Чтение тоже было ужасным: выводы о том, к чему могло привести ее поведение, попросту пугали, и Летис распереживалась так, будто ничего не обошлось. И являться в спальню Эйдана ей сразу хотелось ползком на коленях, настолько ужасной она себя ощущала.
— Заходи, милая, — сказал Эйдан, когда она постучала. Он, по всей видимости, тоже сидел за голобоксом, притащенным из кабинета. Точнее, валялся на постели, а когда она пришла — закрыл шкатулку и торопливо сел на край кровати, глядя на нее. Лейтис снова ощущала, как он за нее волнуется и беспокоится, и эту проклятую не прошедшую и не разразившуюся грозу, ощущала тоже. Он все еще сердился. От всей души переживал за нее, едва не наделавшую кошмарных глупостей, и сердился на нее же.
— Ты все прочитала и теперь еще сильнее переживаешь, — сделал Эйдан очевидный вывод, очень сочувственным тоном, а потом мягко попросил: — Расскажи, должно стать легче, когда ты расскажешь. Иди сюда, милая, и рассказывай, — он похлопал рукой по покрывалу рядом с собой.
Лейтис ощущала, что совершенно не заслуживает этой мягкости и этого бесконечного терпения, которые доставались ей от Эйдана всегда, даже когда она вела себя столь отвратительно, как сегодня.

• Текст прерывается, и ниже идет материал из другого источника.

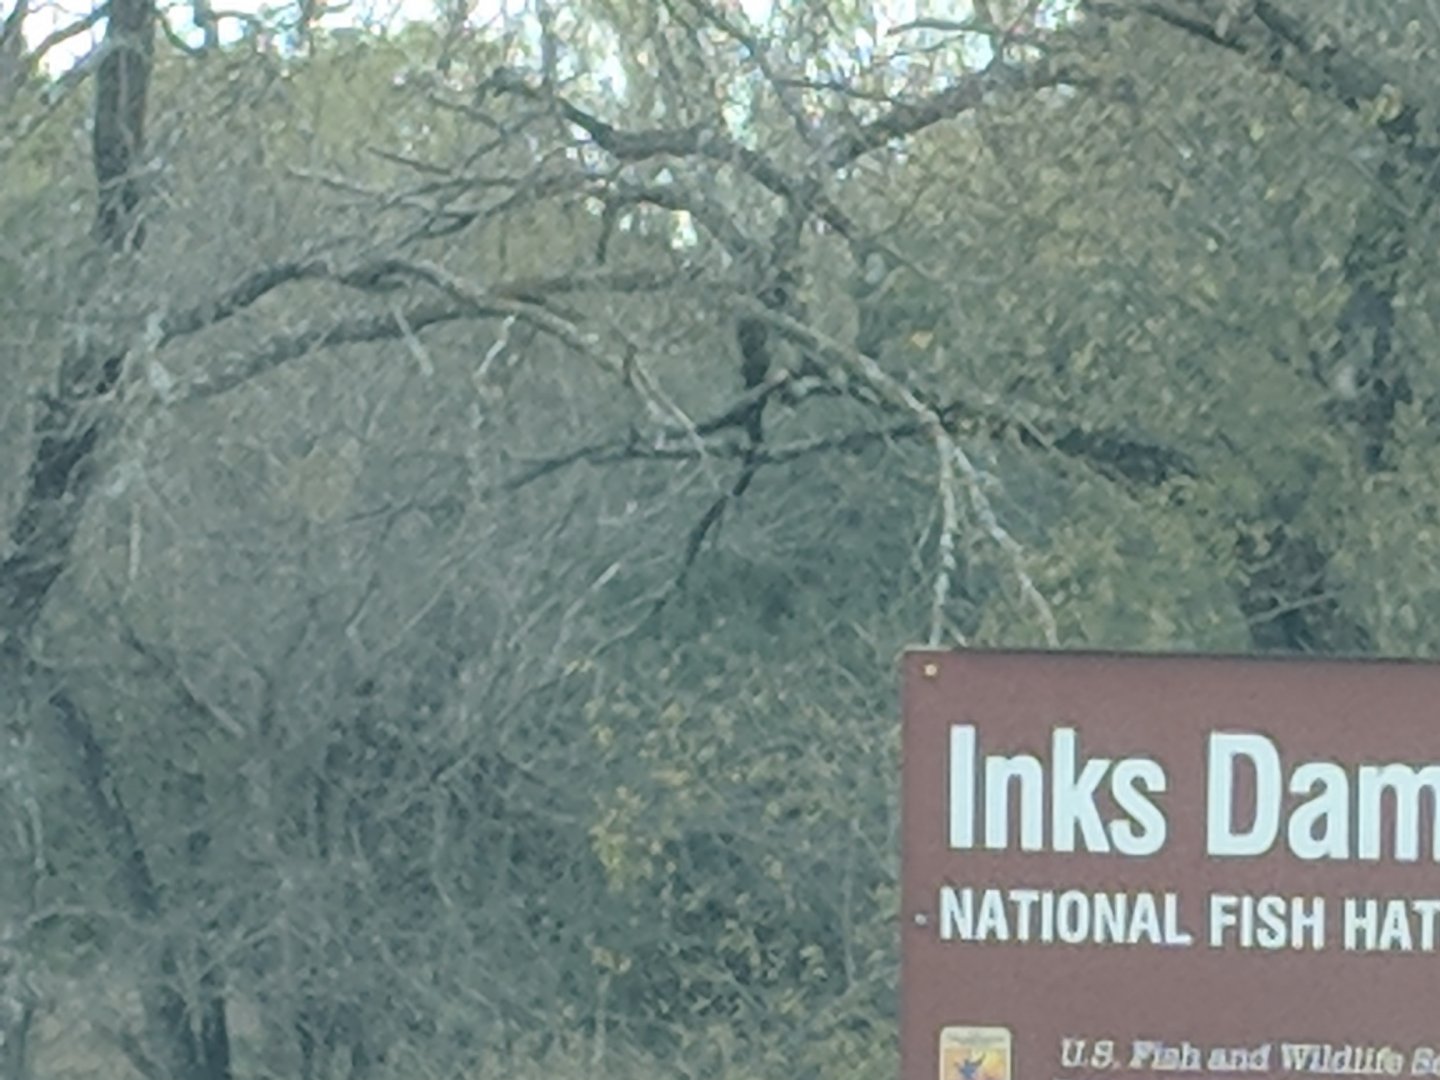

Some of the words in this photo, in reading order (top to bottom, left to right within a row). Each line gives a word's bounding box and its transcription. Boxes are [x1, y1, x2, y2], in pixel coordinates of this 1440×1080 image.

И боялась, безумно боялась того, что он теперь будет сердиться на нее всегда. И всегда будет держать в душе эту жуткую наливающуюся грозу.
— Спасибо, хозяин Эйдан, — пролепетала она, присаживаясь на указанное место. — Я прочитала и… с меня могли снять ошейник. Вы взяли меня на поруки, а я нарушила все, что могла, и связь у нас еще толком не установилась, так что с меня могли снять ошейник, отнять у вас и отправить в тюрьму. Я бы спустила в трубу все, от чего вы меня спасали…

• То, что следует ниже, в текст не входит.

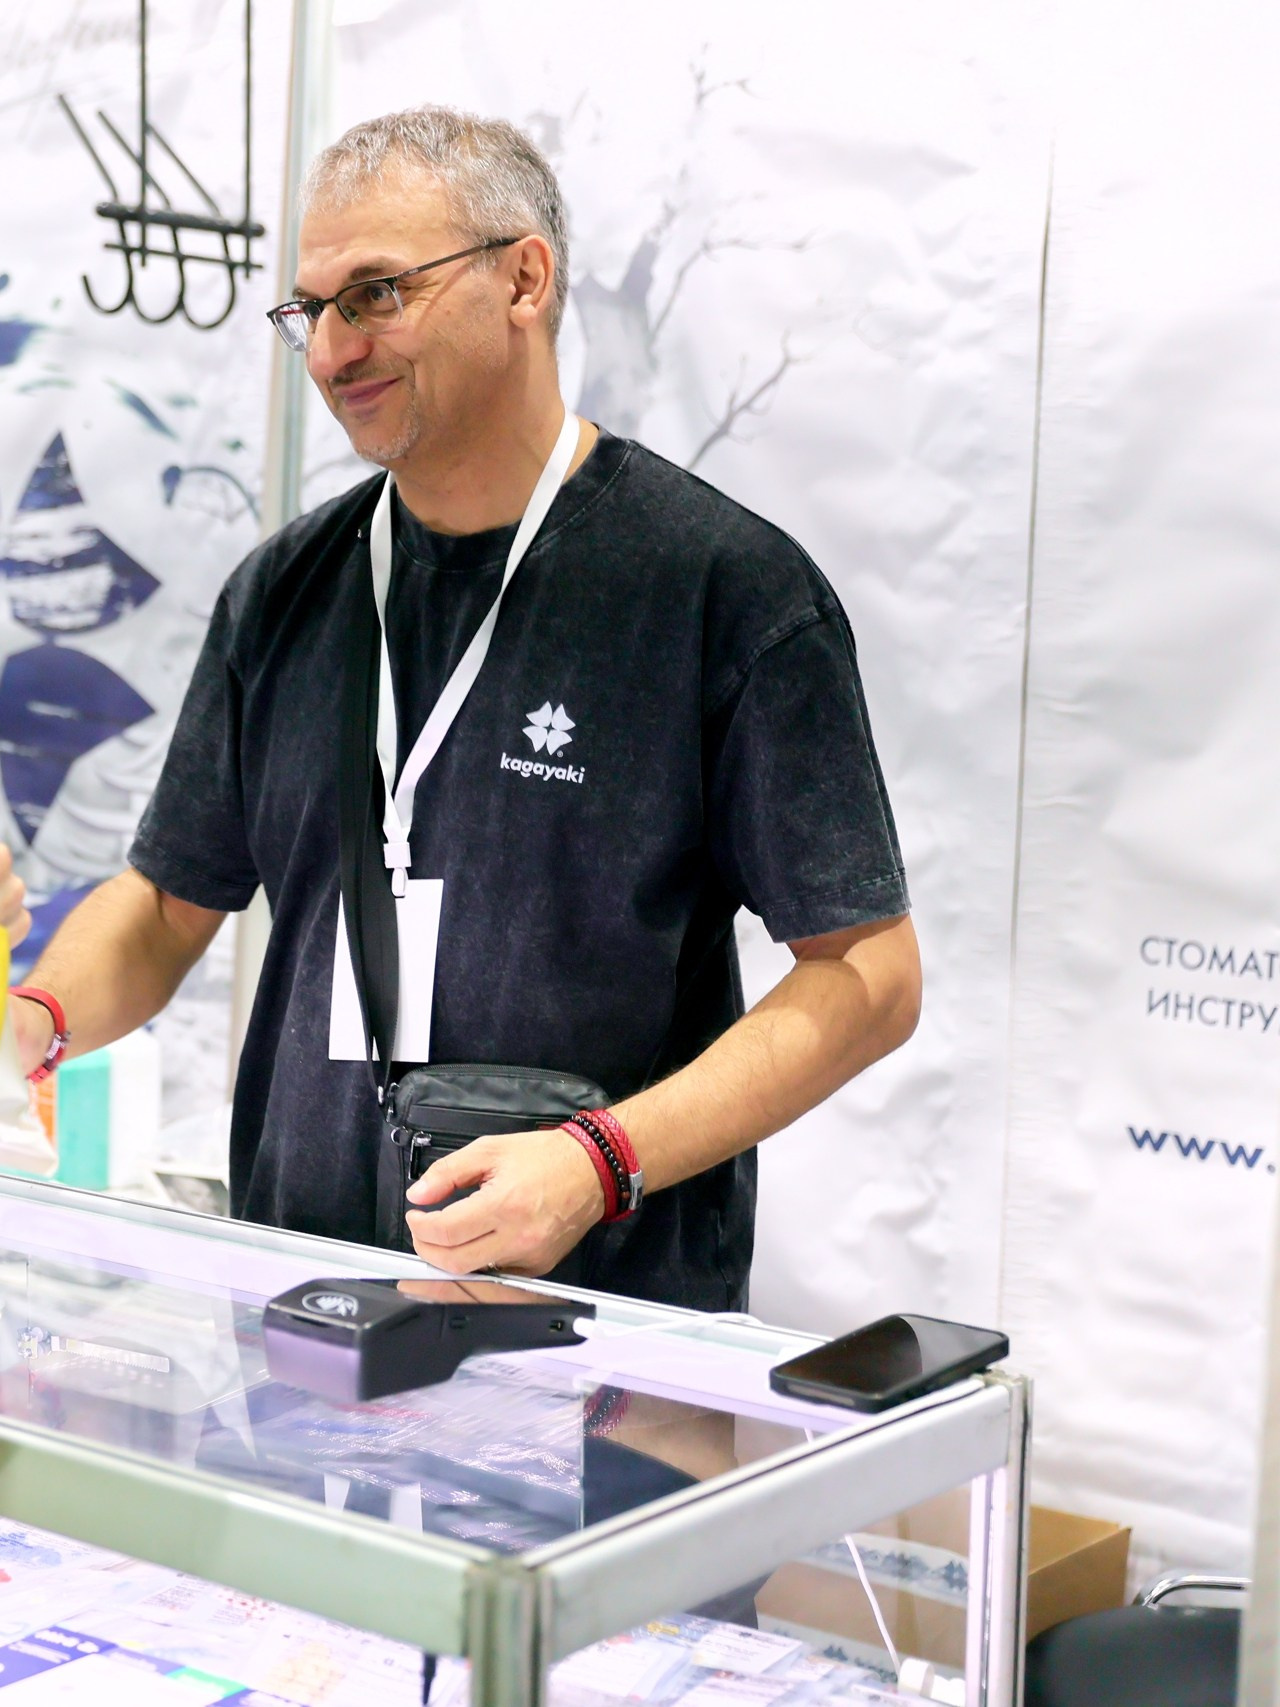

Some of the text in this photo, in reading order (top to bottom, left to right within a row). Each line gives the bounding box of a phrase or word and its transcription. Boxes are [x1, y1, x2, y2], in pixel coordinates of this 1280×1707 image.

[499, 751, 586, 784] kagayaki
[1139, 935, 1280, 981] СТОМАТ
[1147, 987, 1280, 1035] ИНСТРУ
[1126, 1126, 1277, 1174] www.

Ей хотелось заплакать, ей очень не хватало возможности это сделать.
— Могли, — тихо согласился Эйдан, положив руку ей на плечо. — А я бы мог не суметь тебя спасти снова и потерять навсегда. Это самое страшное, что я могу себе представить в принципе, Лейтис. Ты спасла человека, но я все равно думаю, что это не стоило нашего ошейника. Для меня ничего не стоит нашего ошейника и твоей жизни. Это самое важное, что у меня есть, — Лейтис видела, как он сжал вторую руку в кулак, так что костяшки побелели, и ощущала, как его сдерживаемые чувства сгустились, подступили — хотя тон оставался ровным. Он сердился на нее, потому что она чуть не отняла у него себя.